A crush injury is injury by an object that causes compression of the body. This form of injury is rare in normal civilian practice, but are common following a natural disaster. Other causes include industrial accidents, road traffic collisions, building collapse, accidents involving heavy plant, disaster relief or terrorist incidents.
Crush Injury is damage to structures as a result of crushing. Crush syndrome is a systemic result of rhabdomyolysis and subsequent release of cell contents.. The severity of crush syndrome is dependant on the duration and magnitude of the crush injury as well as the bulk of muscle affected. It can result from both short duration, high magnitude injuries (such as being crushed by a building) or from low magnitude, long duration injuries such as coma or drug induced immobility.

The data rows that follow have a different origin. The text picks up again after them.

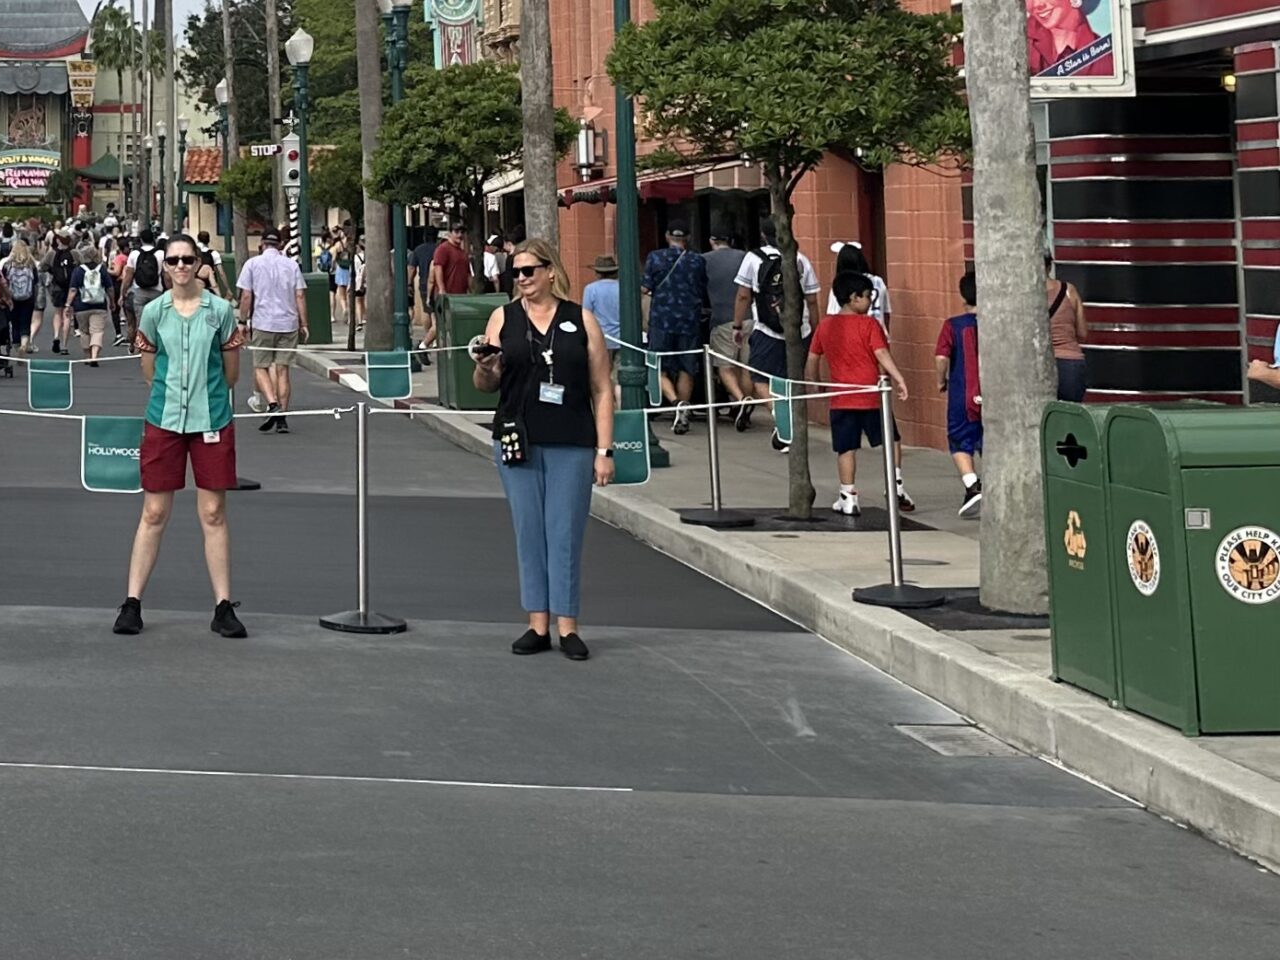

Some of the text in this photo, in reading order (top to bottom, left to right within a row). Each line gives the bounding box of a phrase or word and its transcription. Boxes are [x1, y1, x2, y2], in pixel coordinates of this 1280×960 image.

[1056, 38, 1111, 76] A Star is Born!
[250, 144, 278, 157] STOP
[5, 168, 52, 178] RUNAWAY
[1219, 532, 1243, 563] PLEASE
[1245, 530, 1270, 540] HELP
[1222, 573, 1240, 594] OUR
[1241, 590, 1263, 600] CITY

- Hypovolaemic Shock. Loss of plasma volume across damaged cell membranes and capillary walls can lead directly to severe hypovolaemia. Furthermore, shock can develop from myocardial depression following release of intracellular electrolytes. In addition, as a result of the mechanism of injury, blood loss from pelvic or long bone fractures may also co-exist
- Hyperkalemia and Electrolyte imbalance. Disruption of cell membranes can result in a significant release of potassium, which is a largely intracellular cation this can precipitate cardiac arrest. Sequestration of plasma calcium into injured tissue can lead to a relative hypocalcaemia, which may worsen coagulopathy and shock. Metabolic acidosis may result from reperfusion injury and hypoperfusion related to shock.
- Compartment syndrome. Compartment syndrome is a common complication of crush injury as a consequence of oedematous tissue injury, redistribution of fluid into the intracellular compartment and haemorrhage. Established compartment syndrome may result in worsened systemic crush syndrome and irreversible muscle necrosis. 
- Acute Renal Failure. Release of myoglobin by injured muscle leading to rhabdomyolysis coupled with shock leads to a significant rate of acute kidney injury, estimated as up to 15%, acute kidney injury leads to a significantly higher mortality.
Early fluid resuscitation reduces the risk of renal failure, reduces the severity of hyperkalaemia and may improve outcomes in isolated crush injury. 
For casualties with isolated crush injury who are haemodynamically stable, large volume crystalloid resuscitation reduces the severity of and prevents acute kidney injury.